▶ _EXERCISE BRIEF_:
An exact copy of all entries is required.
---+---
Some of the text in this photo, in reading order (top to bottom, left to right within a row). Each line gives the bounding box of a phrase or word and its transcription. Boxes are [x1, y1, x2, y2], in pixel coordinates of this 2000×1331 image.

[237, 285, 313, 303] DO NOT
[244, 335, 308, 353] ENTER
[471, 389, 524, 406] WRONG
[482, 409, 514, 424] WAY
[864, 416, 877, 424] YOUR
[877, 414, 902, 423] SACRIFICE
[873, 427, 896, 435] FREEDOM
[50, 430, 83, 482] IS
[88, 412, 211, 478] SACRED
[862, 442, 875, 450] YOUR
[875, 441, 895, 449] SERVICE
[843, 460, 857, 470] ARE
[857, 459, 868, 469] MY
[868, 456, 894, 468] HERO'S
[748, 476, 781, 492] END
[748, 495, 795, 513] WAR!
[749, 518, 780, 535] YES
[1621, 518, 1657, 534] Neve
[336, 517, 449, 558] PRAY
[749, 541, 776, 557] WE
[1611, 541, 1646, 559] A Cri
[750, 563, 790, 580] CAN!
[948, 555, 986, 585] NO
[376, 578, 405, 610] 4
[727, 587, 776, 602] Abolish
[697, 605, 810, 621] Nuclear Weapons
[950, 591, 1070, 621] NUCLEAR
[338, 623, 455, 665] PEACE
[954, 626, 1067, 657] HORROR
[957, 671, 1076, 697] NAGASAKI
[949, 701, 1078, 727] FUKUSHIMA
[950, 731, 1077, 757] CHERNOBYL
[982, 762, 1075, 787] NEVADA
---+---
▶ _SOLUTION TO THE PROBLEM_:
Some of the text in this photo, in reading order (top to bottom, left to right within a row). Each line gives the bounding box of a phrase or word and its transcription. Boxes are [x1, y1, x2, y2], in pixel coordinates of this 2000×1331 image.

[237, 285, 313, 303] DO NOT
[244, 335, 308, 353] ENTER
[471, 389, 524, 406] WRONG
[482, 409, 514, 424] WAY
[864, 416, 877, 424] YOUR
[877, 414, 902, 423] SACRIFICE
[873, 427, 896, 435] FREEDOM
[50, 430, 83, 482] IS
[88, 412, 211, 478] SACRED
[862, 442, 875, 450] YOUR
[875, 441, 895, 449] SERVICE
[843, 460, 857, 470] ARE
[857, 459, 868, 469] MY
[868, 456, 894, 468] HERO'S
[748, 476, 781, 492] END
[748, 495, 795, 513] WAR!
[749, 518, 780, 535] YES
[1621, 518, 1657, 534] Neve
[336, 517, 449, 558] PRAY
[749, 541, 776, 557] WE
[1611, 541, 1646, 559] A Cri
[750, 563, 790, 580] CAN!
[948, 555, 986, 585] NO
[376, 578, 405, 610] 4
[727, 587, 776, 602] Abolish
[697, 605, 810, 621] Nuclear Weapons
[950, 591, 1070, 621] NUCLEAR
[338, 623, 455, 665] PEACE
[954, 626, 1067, 657] HORROR
[957, 671, 1076, 697] NAGASAKI
[949, 701, 1078, 727] FUKUSHIMA
[950, 731, 1077, 757] CHERNOBYL
[982, 762, 1075, 787] NEVADA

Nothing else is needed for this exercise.